Quando abriu uma unidade da Don Kebab no polo gastronômico do shopping Hauer, em dezembro de 2017, Geber Hajar não fazia ideia de que o retorno viria tão rápido. Em um ano de operação, o pub de 53 metros quadrados faturou R$ 1 milhão com a venda do combo chopp e comida árabe de rua, como os tradicionais kebabs.

Cerca de 650 metros separam a loja do shopping Hauer, na Rua Coronel Dulcídio, da primeira unidade do Don Kebab, na Rua Vicente Machado. A pé, o trajeto leva aproximadamente sete minutos – e o vai e vem entre um polo e outro é constante. Junto com a esposa Adriana Silveira, Hajar comprou a marca, o ponto e o conceito do Don Kebab em 2013. Manteve apenas o ponto e o nome e reformulou todo o resto, da identidade visual ao cardápio.

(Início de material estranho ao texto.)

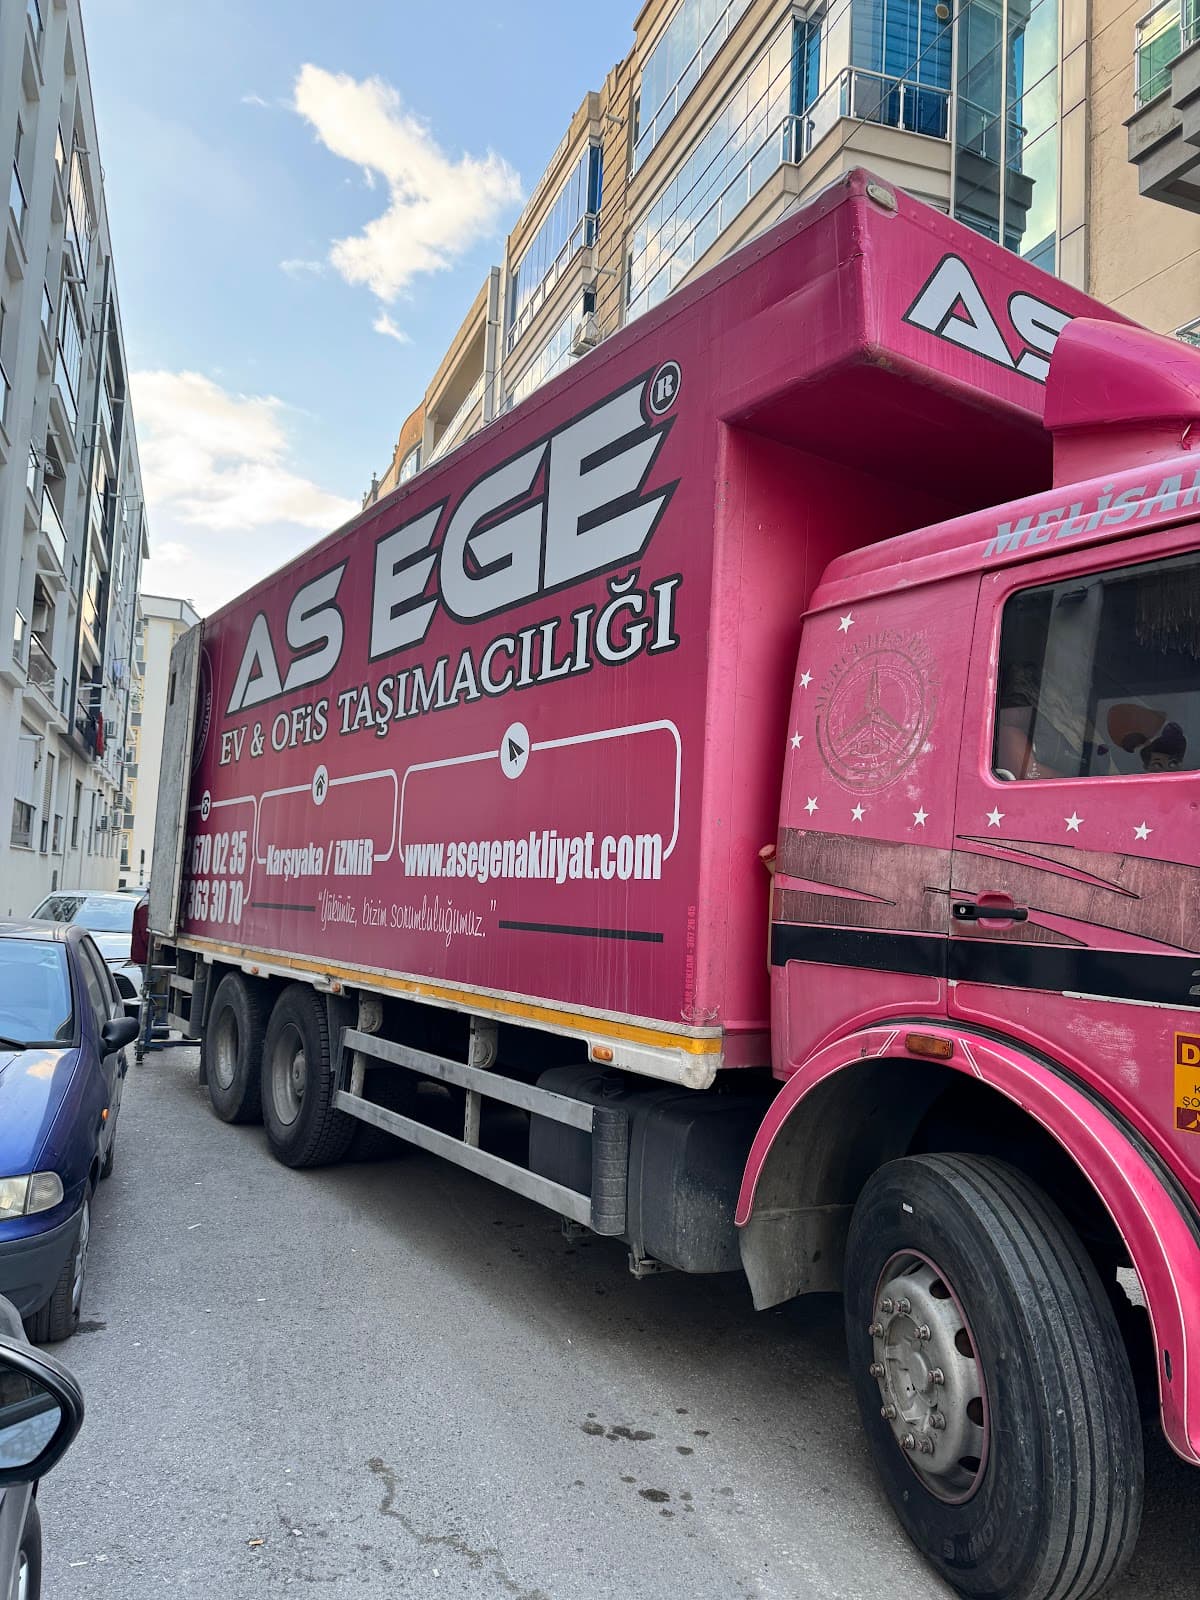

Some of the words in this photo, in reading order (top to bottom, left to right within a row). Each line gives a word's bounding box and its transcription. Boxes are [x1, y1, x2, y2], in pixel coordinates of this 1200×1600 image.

[901, 252, 1074, 386] AS
[226, 560, 348, 715] AS
[369, 374, 677, 662] EGE
[219, 726, 247, 765] EV
[250, 722, 264, 757] &
[338, 571, 680, 737] TAŞIMACILIĞI
[191, 833, 212, 875] 670
[212, 831, 229, 875] 02
[229, 830, 248, 875] 35
[266, 842, 324, 882] Karşıyaka
[324, 840, 334, 876] /
[403, 830, 662, 884] www.asegenakliyat.com
[188, 879, 210, 921] 363
[210, 879, 227, 923] 30
[227, 880, 244, 925] 70
[362, 896, 388, 927] bizim

De família libanesa, ele foi ao Líbano para aprender mais sobre a cultura, temperos e técnicas dos produtos que pretendia incorporar ao cardápio. O carro-chefe é o kebab, também conhecido aqui como shawarma e muito famoso na Europa, onde é um dos alimentos de baixa gastronomia mais consumidos.  Mas outras iguarias árabes também ganharam espaço, como a yalla (carne moída com especiarias árabes e queijo mussarela em um pão sírio) e o falafel (bolinho de grão de bico).

“Fomos para o lado mais refinado do kekab, mais europeu. O kebab é o cachorro-quente da Europa”,  conta Hajar.

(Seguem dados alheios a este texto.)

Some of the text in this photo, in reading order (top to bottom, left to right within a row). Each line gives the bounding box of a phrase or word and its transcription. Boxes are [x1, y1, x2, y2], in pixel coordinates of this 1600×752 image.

Quase nada é produzido internamente, mas ele assegura que tem o controle de todos os produtos, especialmente o rastreio da carne, para poder garantir ao cliente a qualidade do que serve e reduzir ao mínimo o risco alimentar. Com isso, consegue manter a operação com uma equipe mais enxuta no comando da cozinha de pré-preparo para saladas e molhos.

Com três anos de diferença, as duas unidades próprias do Don Kebab se beneficiaram de um movimento de ocupação das ruas da capital, com a formação de polos gastronômicos. Juntas elas faturam R$ 1,5 milhão. No início da operação, entre 2015 e 2016, a unidade da Vicente Machado chegou a faturar o dobro do que fatura hoje o pub do shopping Hauer. Um dos primeiros a chegar ao local, ele viu a concorrência chegar com uma nova realidade de preços mais populares e o fluxo migrar aos poucos para outros locais, principalmente para o segundo endereço do Don Kebab.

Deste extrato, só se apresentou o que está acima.